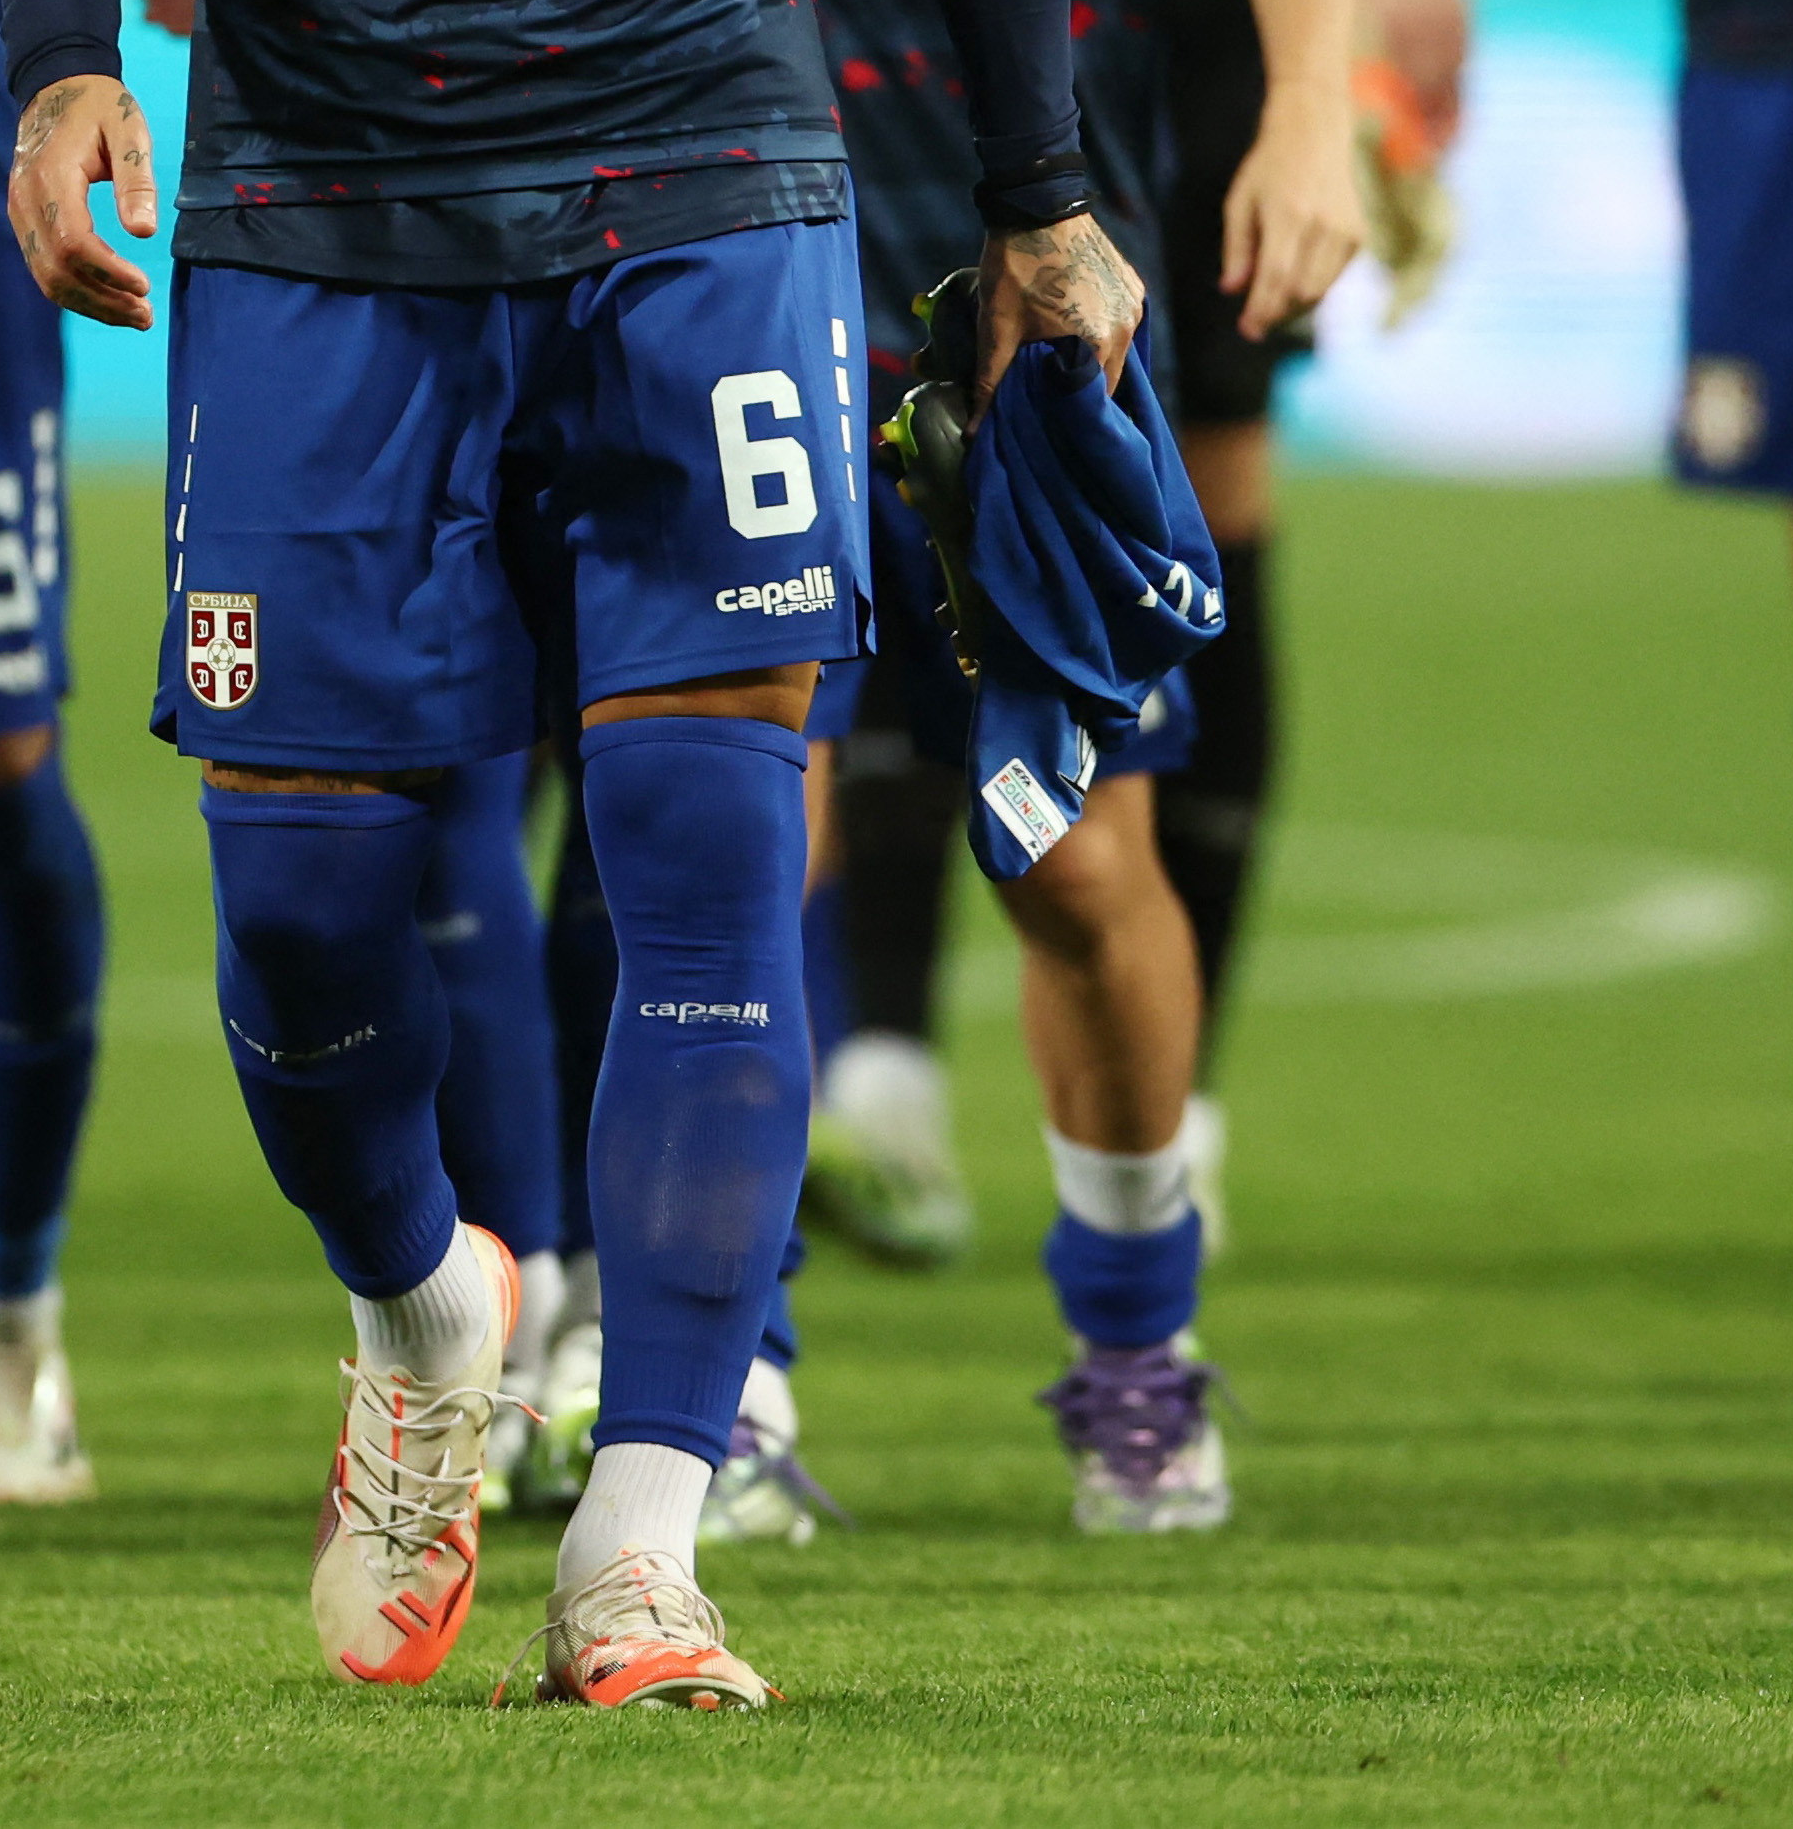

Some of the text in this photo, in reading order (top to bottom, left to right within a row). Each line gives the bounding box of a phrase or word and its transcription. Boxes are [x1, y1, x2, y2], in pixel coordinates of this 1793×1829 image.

[711, 370, 818, 539] 6
[189, 594, 253, 608] СРБИЈА
[715, 565, 835, 615] capelli
[774, 597, 836, 617] SPORT
[1011, 764, 1032, 786] UEFA

********************

WORK INSTRUCTIONS –
Output a faithful copy of the data, with each picture left out.

RESULT FOR THIS EXERCISE –
Some of the text in this photo, in reading order (top to bottom, left to right within a row). Each line gives the bounding box of a phrase or word and its transcription. Boxes are [x1, y1, x2, y2], in pixel coordinates of this 1793×1829 image.

[711, 370, 818, 539] 6
[189, 594, 253, 608] СРБИЈА
[715, 565, 835, 615] capelli
[774, 597, 836, 617] SPORT
[1011, 764, 1032, 786] UEFA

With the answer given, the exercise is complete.